I want to teach you to think in terms of circles now. This is a guiding principle for Havens.
Let me give you a very simple example, and then we’ll do more.
What does a typical investment portfolio look like? It’s 60% stocks and 40% bonds. The reason for that is that when one falls, the other should rise. That’s the thinking in the old world, anyways.
So that structure has a kind of shape. It’s a seesaw. And the problem in this world, you might already be able to guess, is that in a destabilizing world, a seesaw is a very bad choice of structure, because it’s inherently unstable itself.
And so when I launch the model portfolio I’m setting up (soon, you’ll all be able to subscribe), it won’t be structured like a seesaw. It won’t work like that at all. Because that structure doesn’t work anymore.
It’ll be structured more like a circle. Now, that’s very, very abstract. What does it mean?

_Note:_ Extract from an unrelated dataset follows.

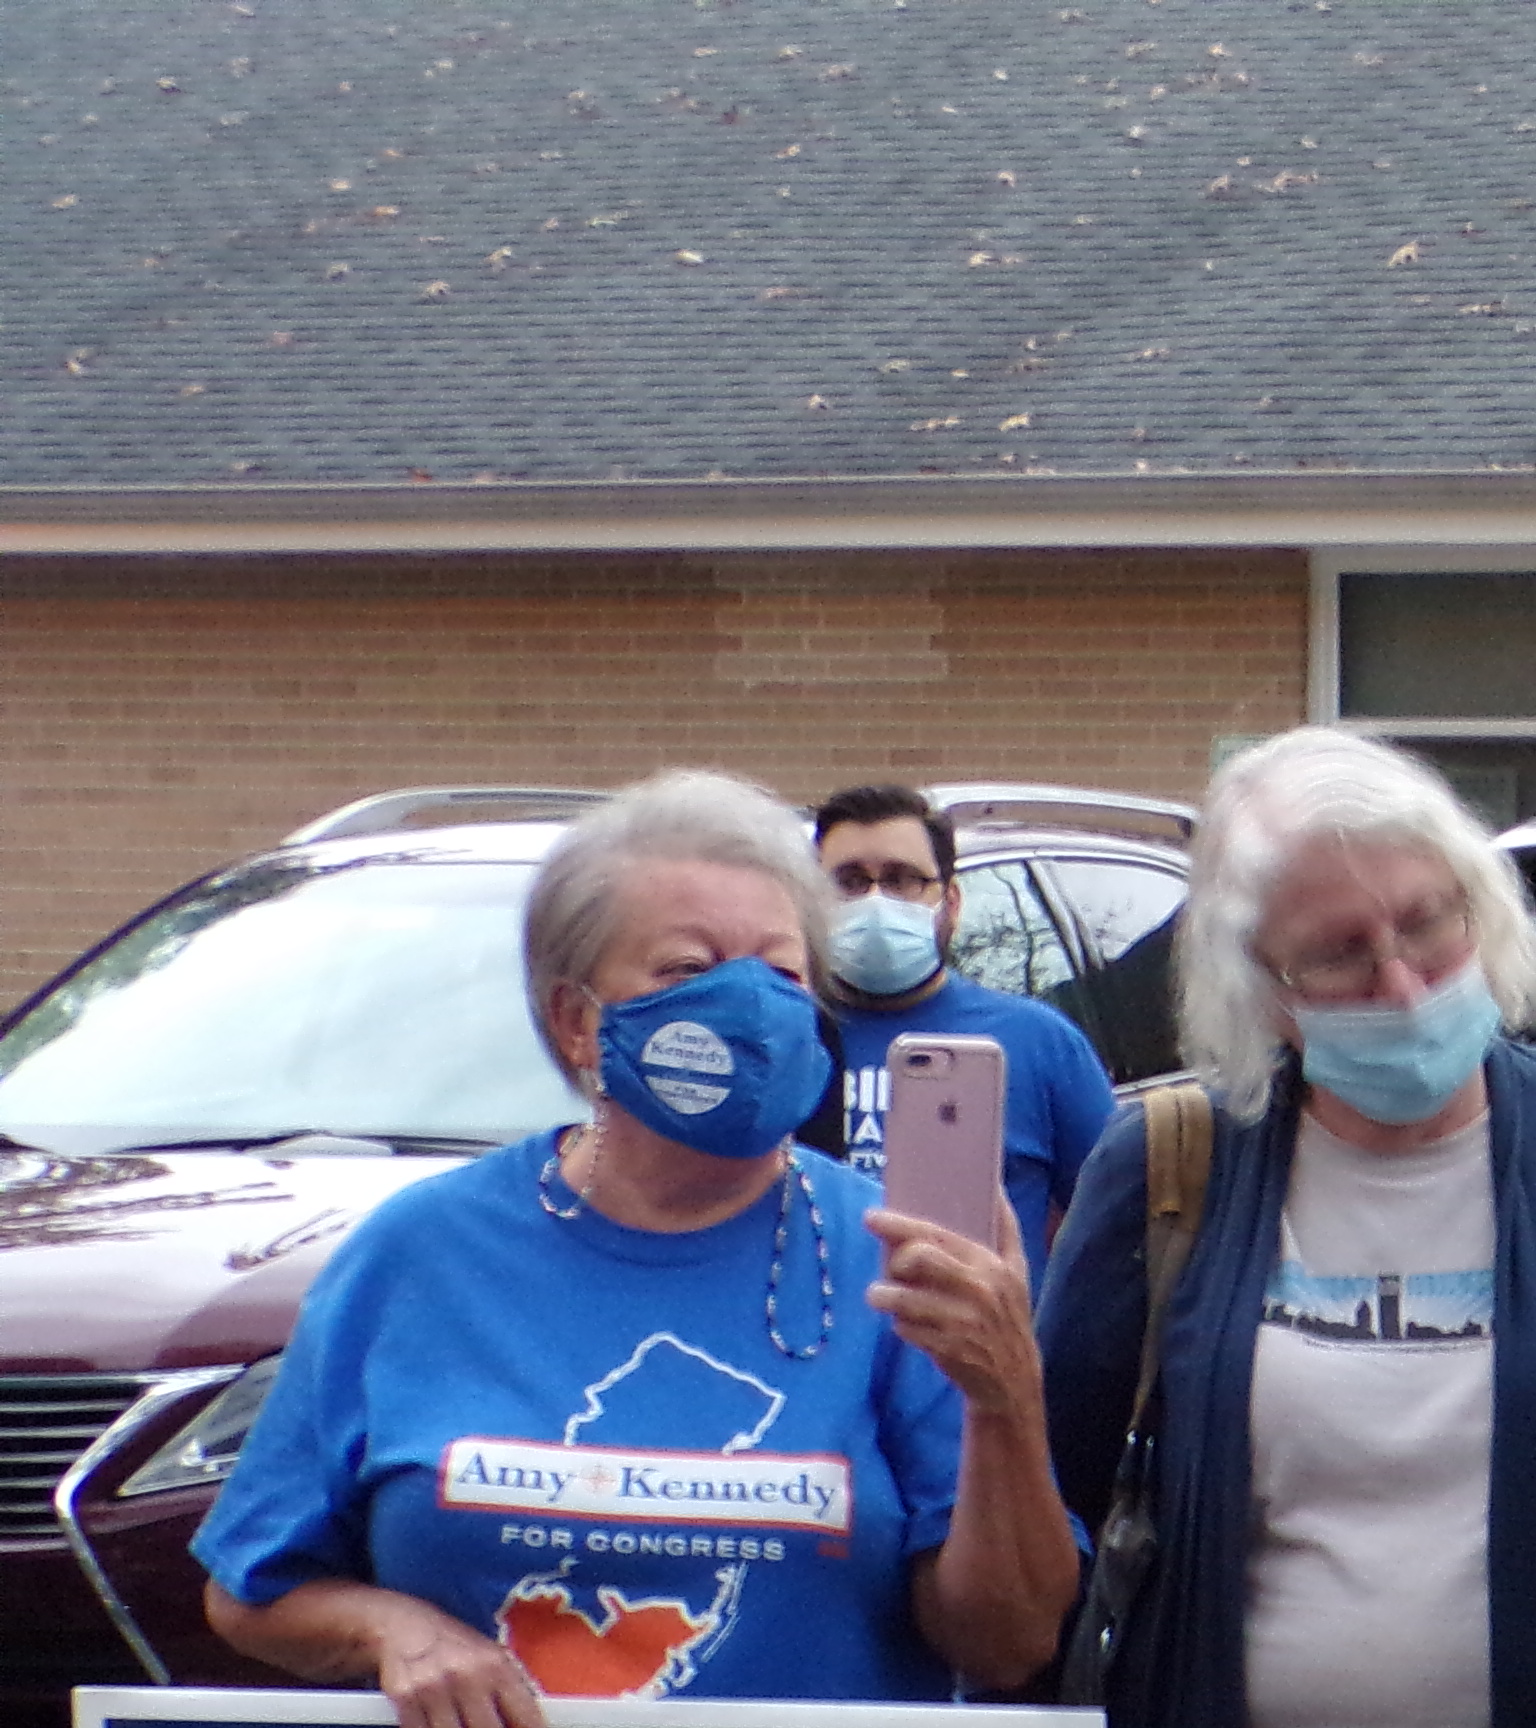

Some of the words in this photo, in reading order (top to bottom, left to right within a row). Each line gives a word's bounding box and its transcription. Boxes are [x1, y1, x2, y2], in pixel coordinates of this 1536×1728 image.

First, don’t worry too much about it. Just learn to recognize the pattern. The more you overthink this, the less your pattern recognition will ever kick in. I am just trying to teach you to think about this in a synthetic way. And that will happen unconsciously. Circles, by the way, are one of Jung’s archetypes. I’ll come back to that.

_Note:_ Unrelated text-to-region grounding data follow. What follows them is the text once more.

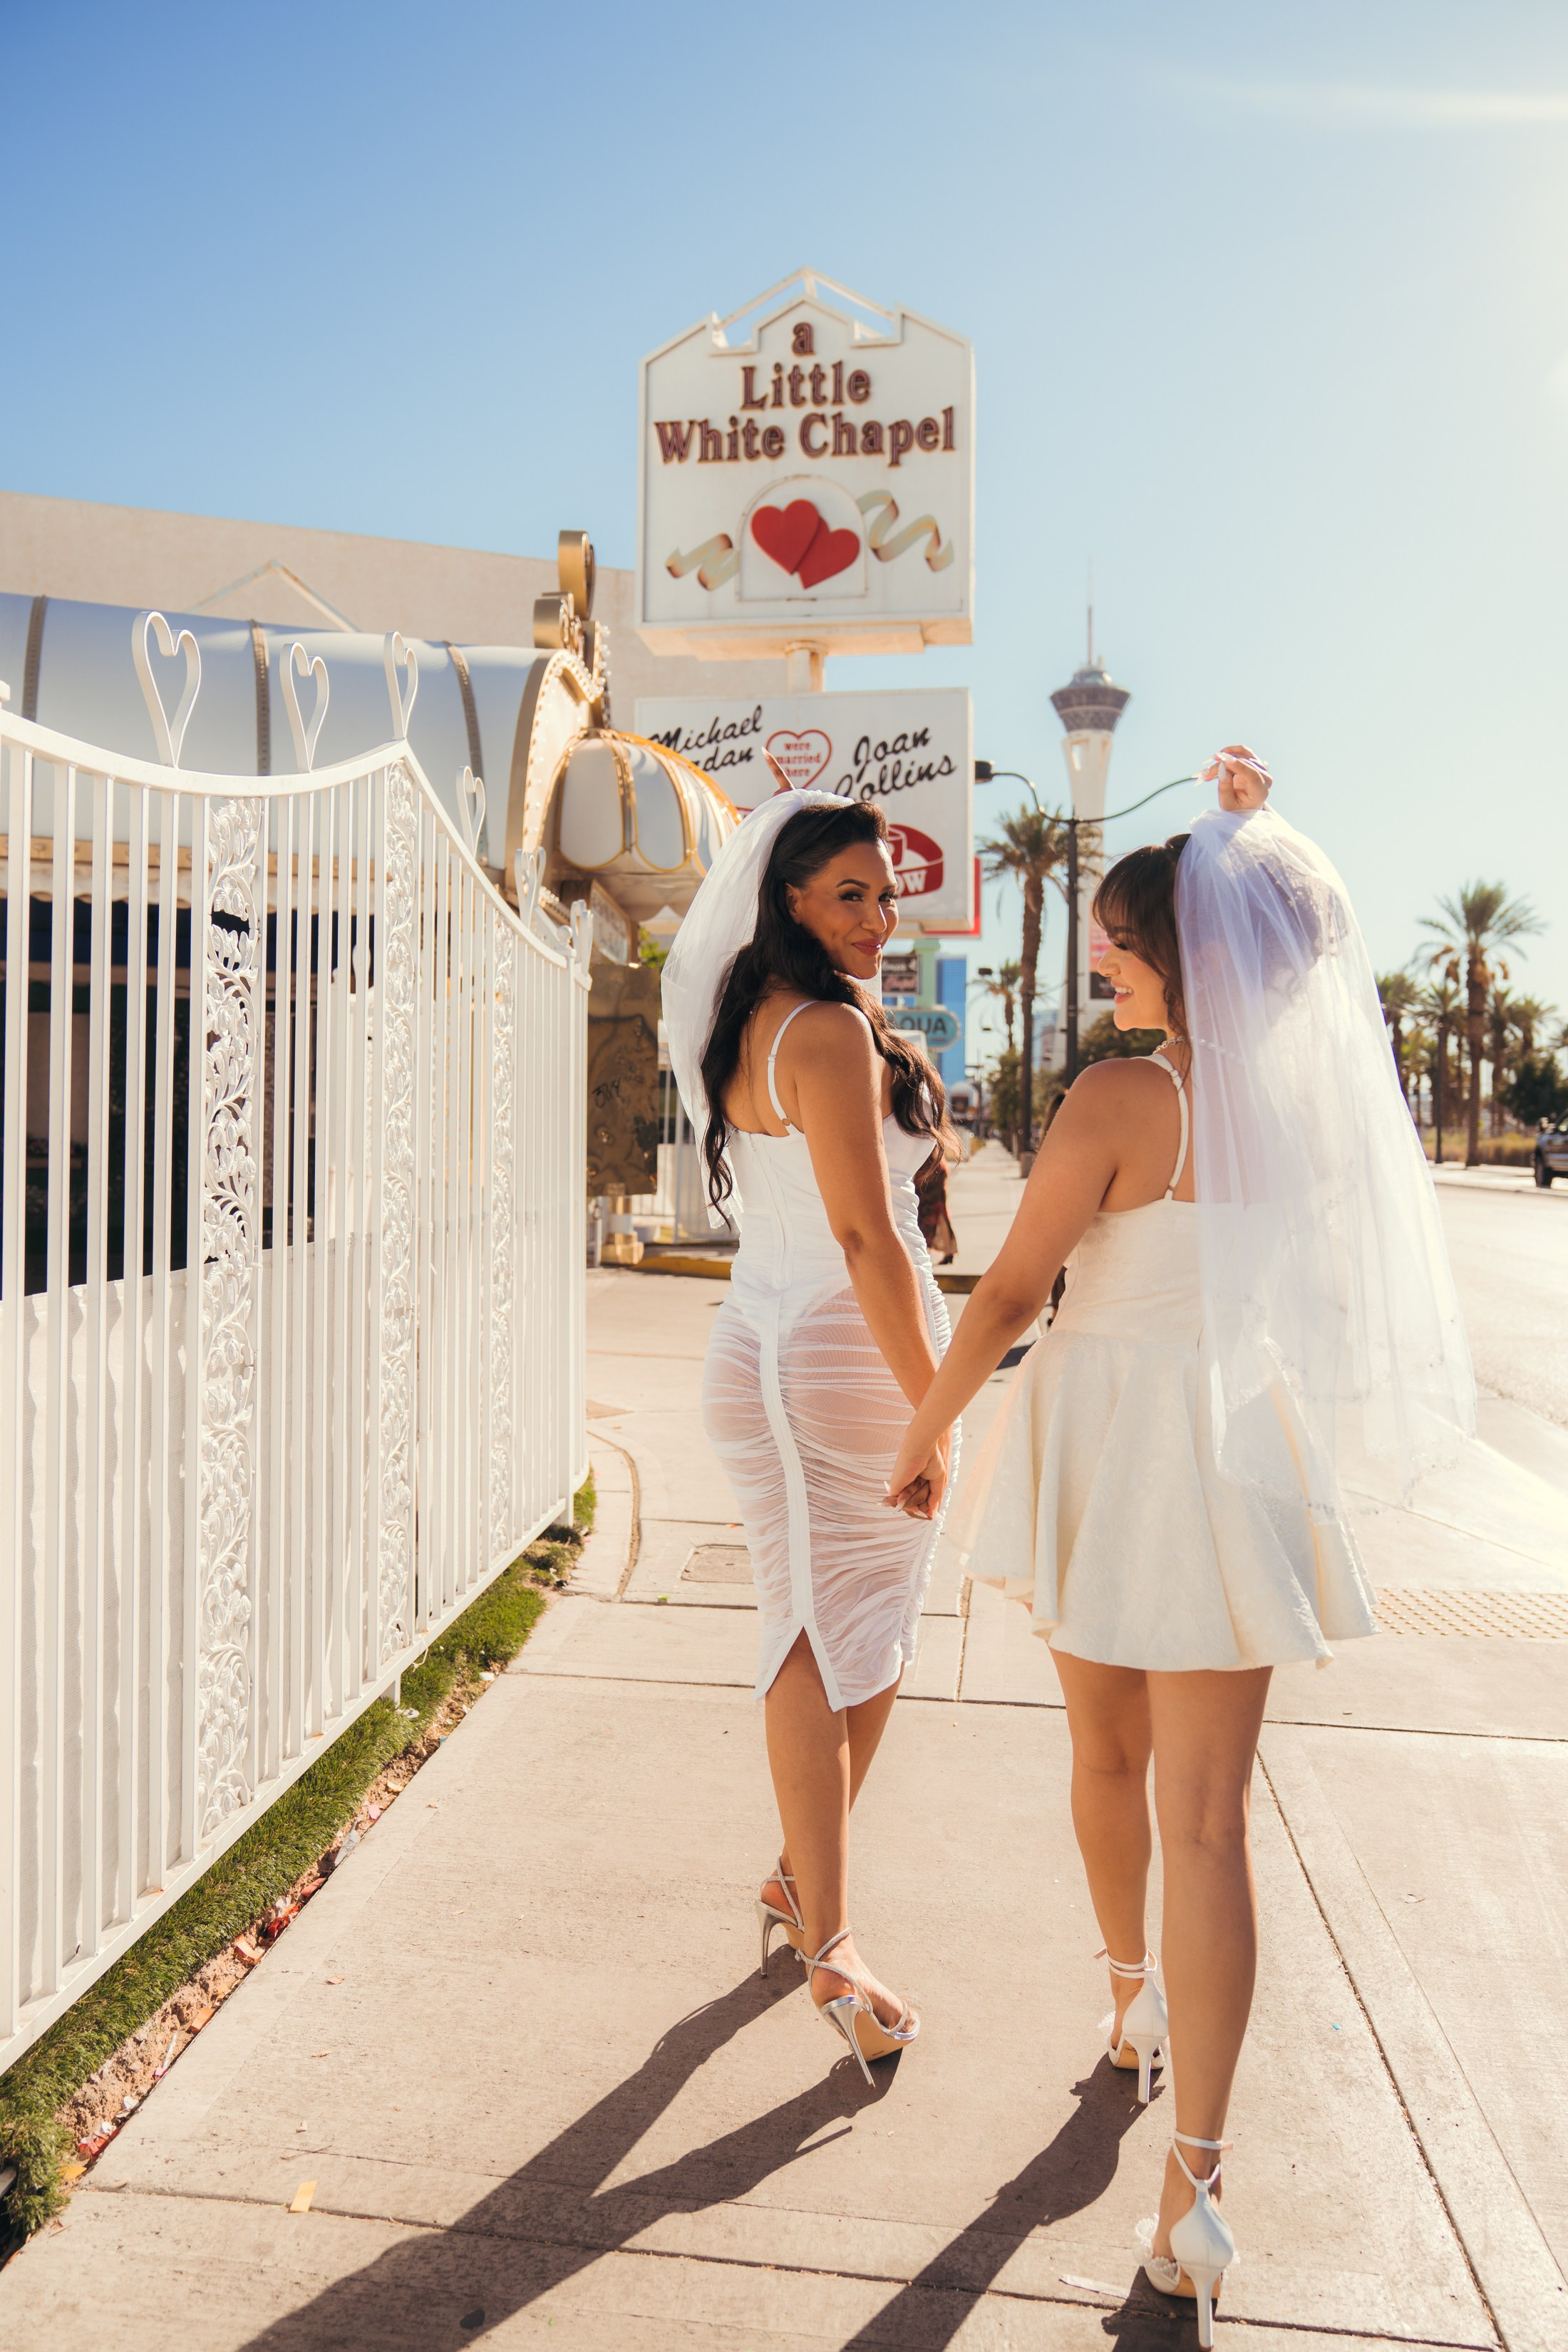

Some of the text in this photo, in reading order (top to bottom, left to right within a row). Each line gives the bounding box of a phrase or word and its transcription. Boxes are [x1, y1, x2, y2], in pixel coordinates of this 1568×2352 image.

[792, 322, 814, 356] a
[741, 360, 871, 411] Little
[654, 407, 955, 467] White Chapel
[648, 704, 762, 753] Michael
[691, 746, 753, 772] dan
[775, 753, 821, 764] married
[785, 742, 810, 751] were
[853, 727, 932, 783] Joan
[786, 767, 810, 776] here

Circles, or Structure in an Age of Instability
Circles have more than a few very special properties. They can support a great deal of weight. They bounce back. They don’t have sharp boundaries.
(So in the example of my model portfolio, a circle means that it’ll be able to bear much more Macro Risk. It’ll be inherently resilient. And without sharp edges, there’ll be less to get tangled up on it, which means less exposure to risk. And things will flow one to the next.)
Now, you’re wondering, what does that mean in hard terms? It just means in this case that there will be a structure of assets that form a kind of interlinked circle, all of which are interrelated, with little “convexity,” or nonlinearity in financial terms. That doesn’t matter too much, that’s my job, here, I’m just trying to teach you how to think.)
Let’s do another example before you get lost in that one.
Think about relationships. Your relationships must now be Havens, too. But now think about yesterday’s advice for social ties. It was all about “networks,” wasn’t it? Network here, build your network there, go and network all the way over there, with as many other people, also networking as you can.
And I think many of you have learned in recent times a lesson of network structures. They’re unreliable. The ties between nodes in a network are usually weak ones, or “loose” ones in the jargon. And so many people who reached out to their networks in recent times were surprised to find at precisely the time they needed support or guidance or just help that job application move along most…none was to be had. It’s a common theme I’ve heard, but few understand why.
It’s because network structures are inherently unreliable, like seesaws. Their relational form is weak because it’s sort of a branching affair, and in the same a way a tree can lose a branch and survive, so can a network. But what if you’re the branch?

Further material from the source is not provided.